Europe: EU Enlargement after Copenhagen

Last December’s negotiations between the existing EU members and the candidate countries for enlargement drew to a close at the Copenhagen summit. The 10 countries invited to join in May 2004 are Cyprus, the Czech Republic, Estonia, Hungary, Latvia, Lithuania, Malta, Poland, Slovakia and Slovenia. The newcomers tried to drive a hard bargain, postponing an agreement until the last minute and hammering away at the necessity to release more funds for the enlargement and farming in particular. Now that the smoke has cleared, the EU can boast that enlargement has worked out cheaper than originally envisaged. According to documents released by the European Commission, the financial net cost of expansion is 10.3 billion euro ($10.5 billion). While the EU’s current rulers may be pleased with themselves they really have no reason to rejoice as the political cost of the deal could be very high and its consequences could hit the EU a lot sooner then expected. The agreement reached in Copenhagen holds no real gains for working people, east or west.

Brutal truth

A majority, albeit a declining majority, of the population in the applicant countries still favour EU membership and hope that it will mean both an improvement in their lives, visa-free travel and a safeguarding and improvement of democratic rights. However the last minute negotiations in Copenhagen revealed a brutal reality to a growing number of people. The truth is the EU candidates represent a source of cheap labour and new markets for the big powers. Drawing these countries into the EU sphere of influence and away from Russia is an extremely more important aim for the dominant EU powers rather than all the high sounding rhetoric about re-uniting Europe for the first time since the Second World War and so on.

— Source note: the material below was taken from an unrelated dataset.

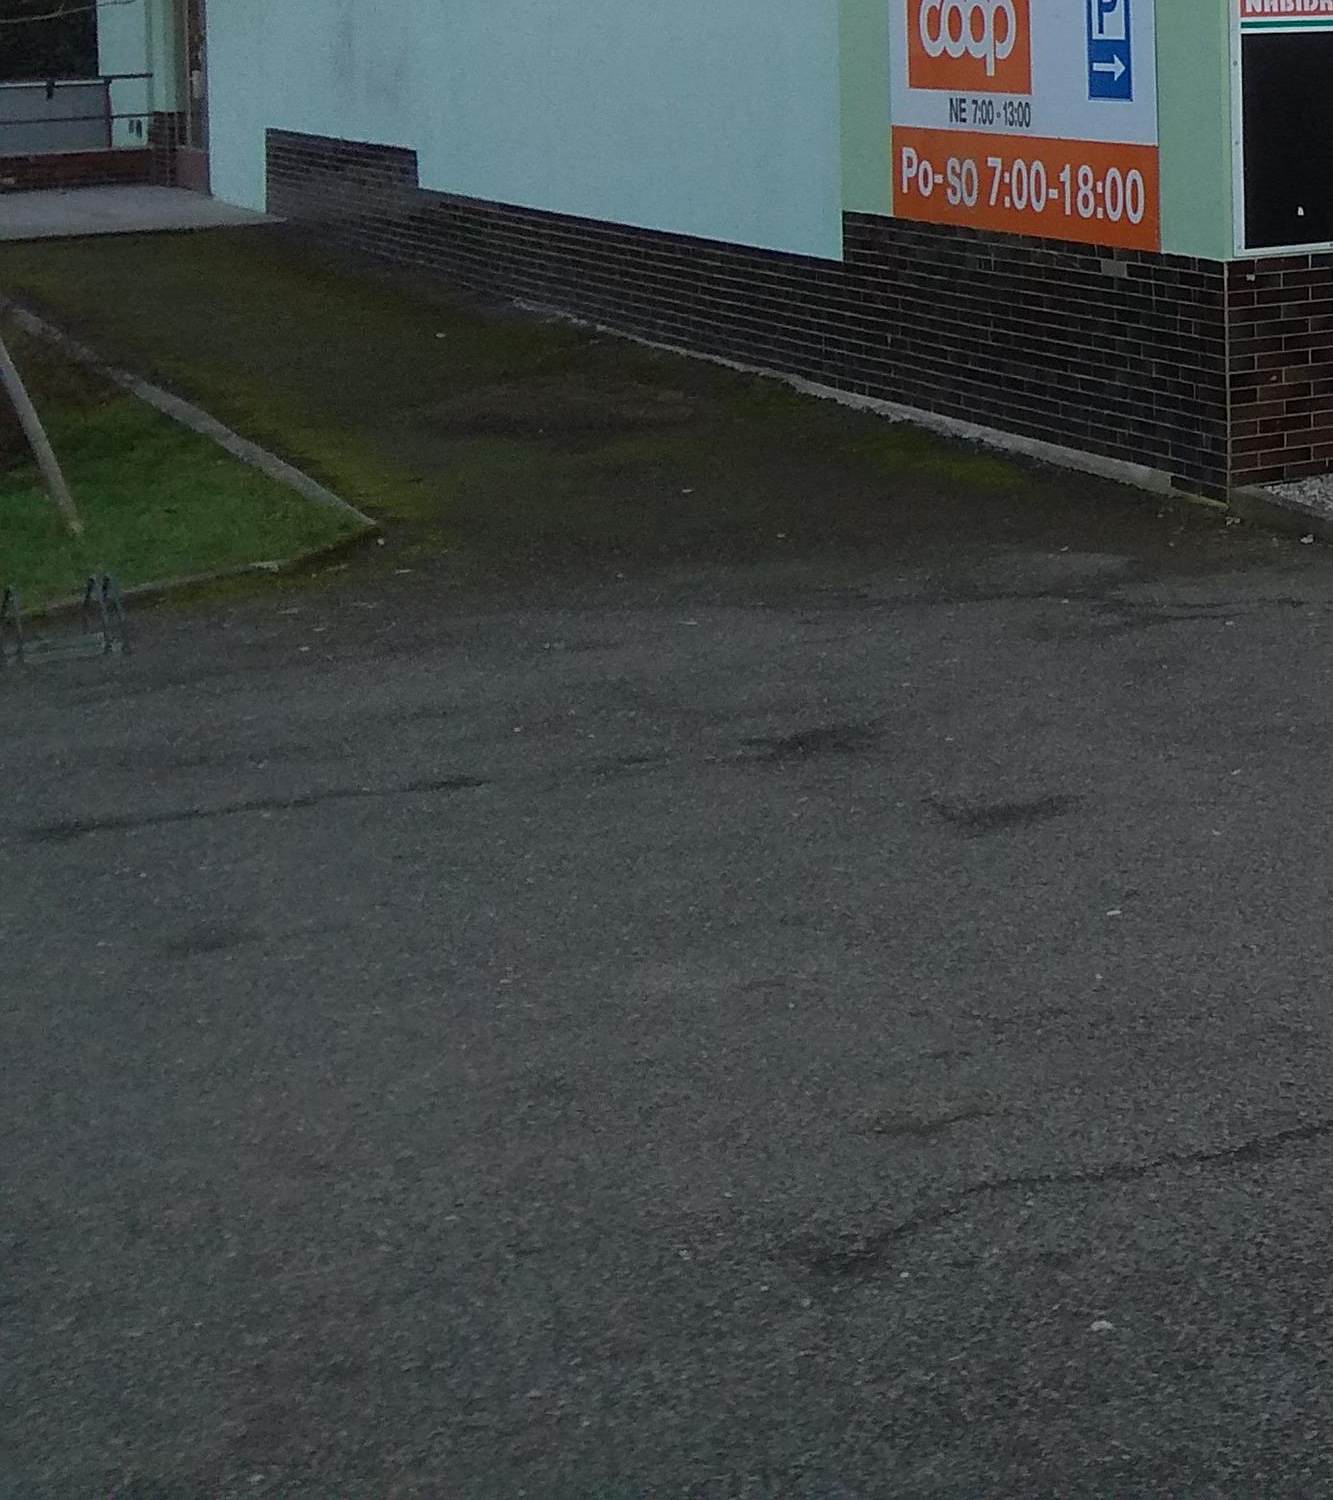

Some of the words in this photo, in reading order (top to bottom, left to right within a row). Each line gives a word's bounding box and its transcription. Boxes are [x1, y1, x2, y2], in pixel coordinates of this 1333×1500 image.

[949, 98, 968, 124] NE
[972, 99, 994, 126] 7:00
[1003, 101, 1032, 128] 13:00

The candidate accession members, headed by Poland, held out to the last minute during negotiations in an attempt to get the best possible deal. Warnings from Denmark, which held the EU presidency at the time, that Warsaw risked missing out on accession if it bargained too hard, were ignored. Poland ploughed on regardless, with one senior official saying: "Only by taking a tough position with finance to the last minute can we satisfy the expectations of our citizens."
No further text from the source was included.